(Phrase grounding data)
********

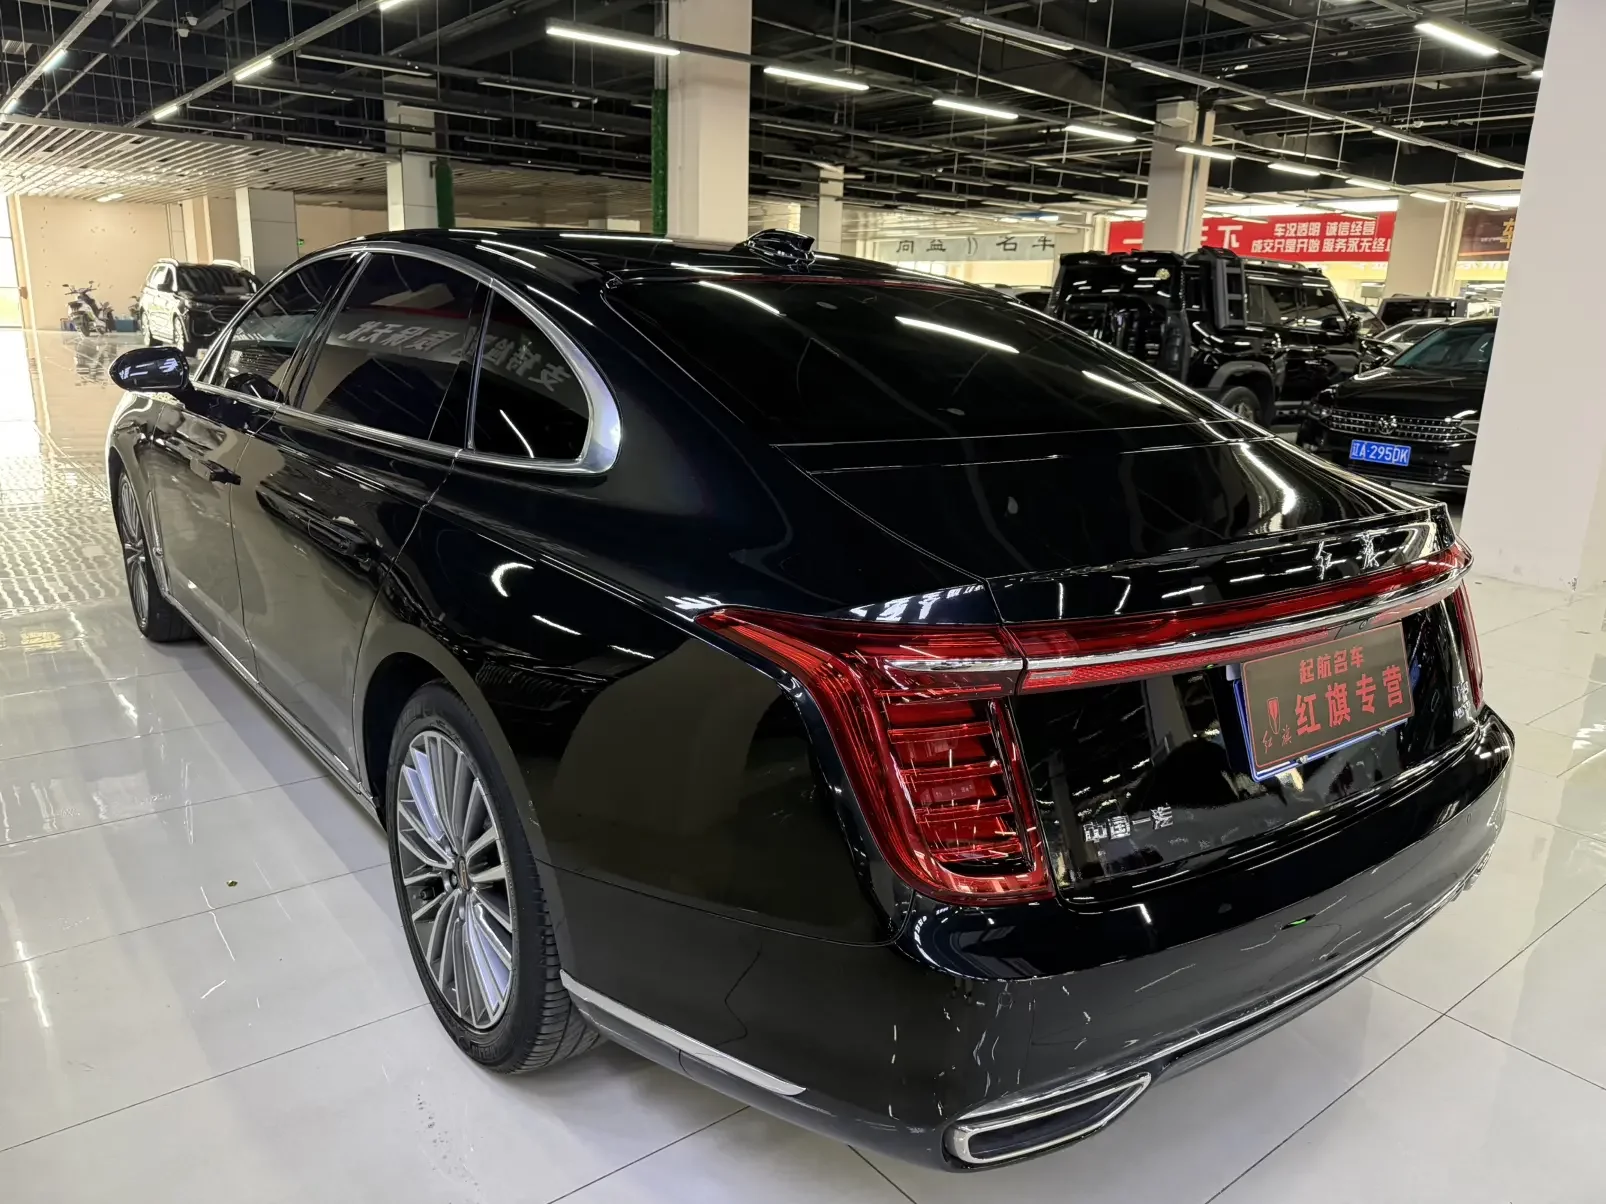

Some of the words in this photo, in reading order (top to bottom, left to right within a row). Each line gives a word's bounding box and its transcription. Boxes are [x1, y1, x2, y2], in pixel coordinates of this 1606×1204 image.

[1325, 221, 1376, 236] 诚信经营
[1251, 239, 1320, 253] 成交只是开始
[1299, 646, 1365, 685] 起航名车
[1294, 664, 1404, 736] 红旗专营

********

● WORK ITEM:
Transcribe the records above exactly as they appear, leaving out any pictures.

● RESULT FOR THIS EXERCISE:
Some of the words in this photo, in reading order (top to bottom, left to right within a row). Each line gives a word's bounding box and its transcription. Boxes are [x1, y1, x2, y2], in pixel coordinates of this 1606×1204 image.

[1325, 221, 1376, 236] 诚信经营
[1251, 239, 1320, 253] 成交只是开始
[1299, 646, 1365, 685] 起航名车
[1294, 664, 1404, 736] 红旗专营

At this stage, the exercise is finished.